### What you are asked to do
Every entry should come back exactly as written, minus the pictures.

Stored data entries:
★ ★ ★ ★ ★ ★ ★

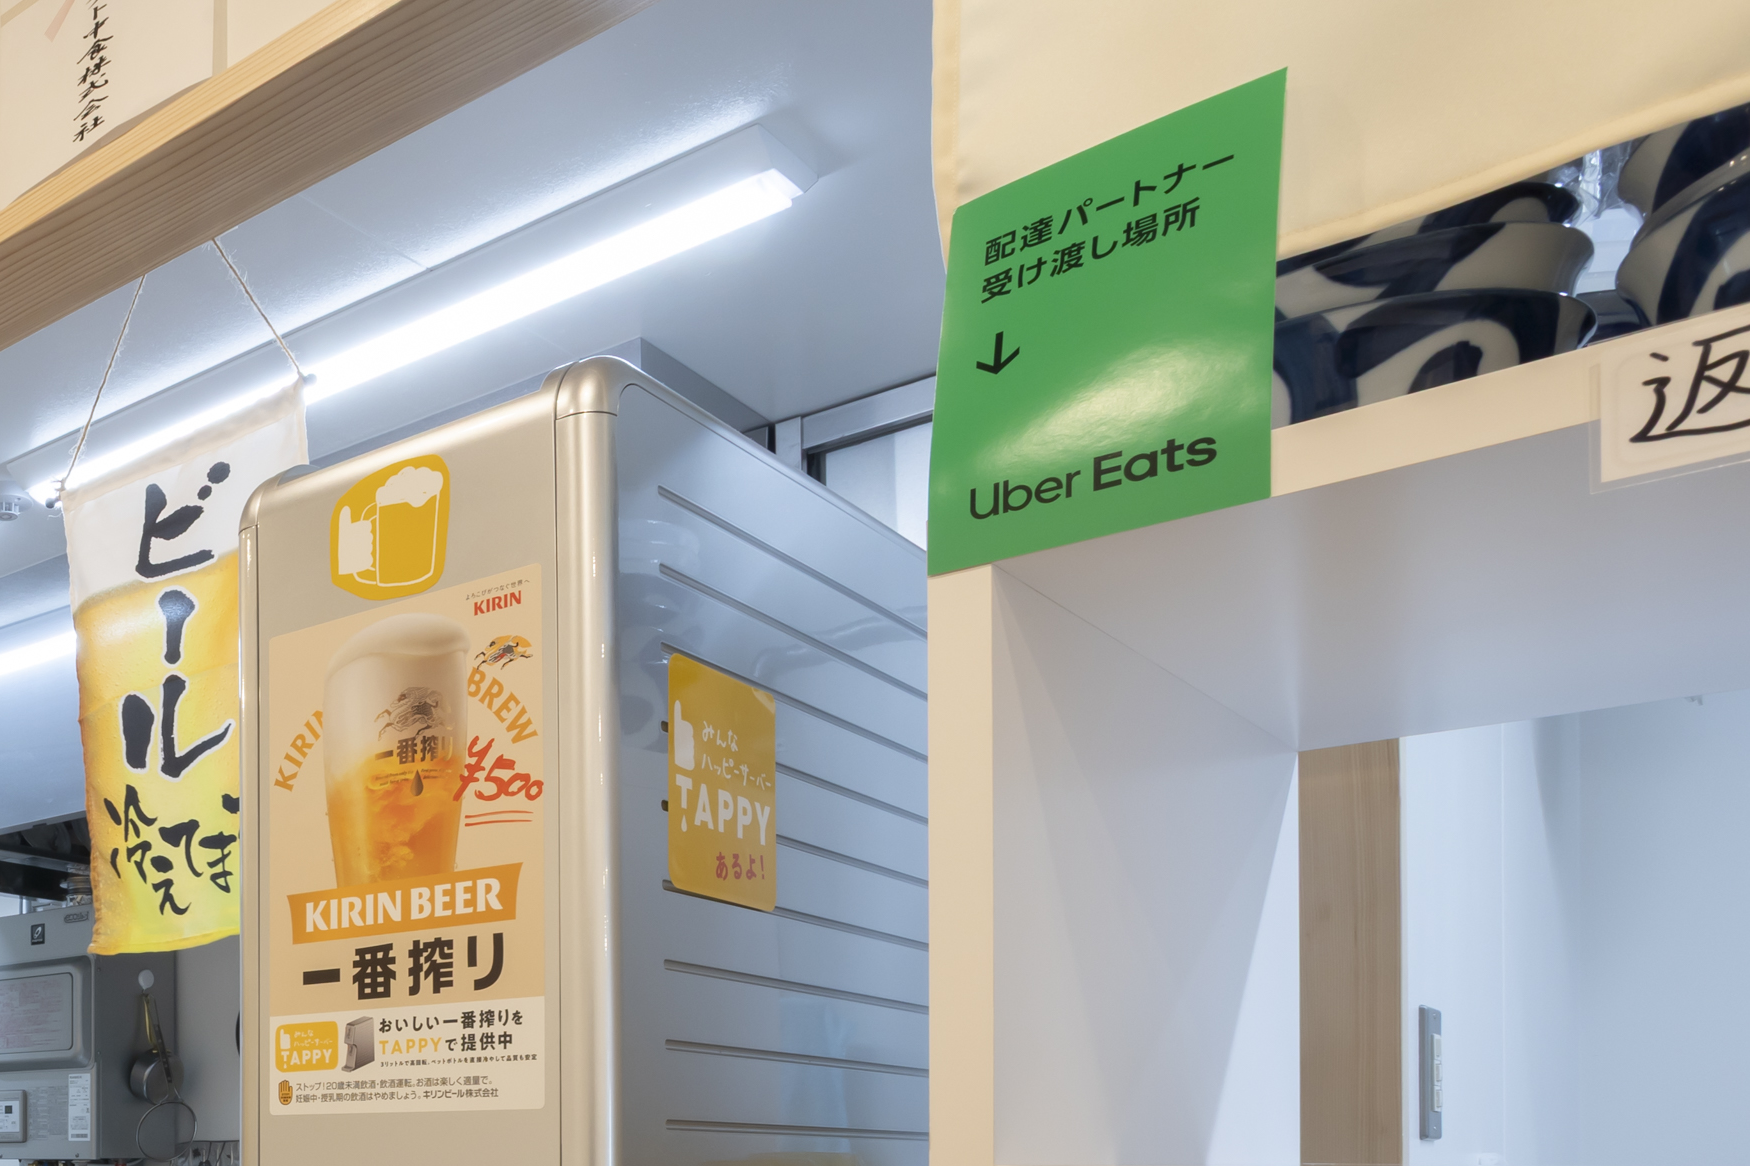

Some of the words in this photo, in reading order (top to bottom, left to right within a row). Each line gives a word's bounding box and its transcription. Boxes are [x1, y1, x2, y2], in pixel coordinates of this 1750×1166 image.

[984, 154, 1235, 266] 配達パートナー
[980, 197, 1201, 304] 受け渡し場所
[969, 468, 1081, 521] Uber
[1092, 436, 1218, 492] Eats
[119, 460, 233, 779] ビール
[465, 579, 530, 601] よろこびがつなぐ世界へ
[473, 590, 522, 616] KIRIN
[466, 667, 540, 745] BREW
[701, 720, 739, 752] みんな
[374, 734, 454, 766] 一番搾り
[452, 734, 544, 803] ¥500
[701, 753, 772, 791] ハッピーサーバー
[675, 773, 771, 846] TAPPY
[103, 784, 240, 916] 冷えてま
[715, 851, 766, 881] あるよ!
[304, 890, 402, 933] KIRIN
[409, 877, 504, 929] BEER
[302, 932, 504, 1001] 一番搾り
[378, 1008, 524, 1034] おいしい一番搾りを
[281, 1048, 333, 1067] TAPPY

★ ★ ★ ★ ★ ★ ★

### Task solution
Some of the words in this photo, in reading order (top to bottom, left to right within a row). Each line gives a word's bounding box and its transcription. Boxes are [x1, y1, x2, y2], in pixel coordinates of this 1750×1166 image.

[984, 154, 1235, 266] 配達パートナー
[980, 197, 1201, 304] 受け渡し場所
[969, 468, 1081, 521] Uber
[1092, 436, 1218, 492] Eats
[119, 460, 233, 779] ビール
[465, 579, 530, 601] よろこびがつなぐ世界へ
[473, 590, 522, 616] KIRIN
[466, 667, 540, 745] BREW
[701, 720, 739, 752] みんな
[374, 734, 454, 766] 一番搾り
[452, 734, 544, 803] ¥500
[701, 753, 772, 791] ハッピーサーバー
[675, 773, 771, 846] TAPPY
[103, 784, 240, 916] 冷えてま
[715, 851, 766, 881] あるよ!
[304, 890, 402, 933] KIRIN
[409, 877, 504, 929] BEER
[302, 932, 504, 1001] 一番搾り
[378, 1008, 524, 1034] おいしい一番搾りを
[281, 1048, 333, 1067] TAPPY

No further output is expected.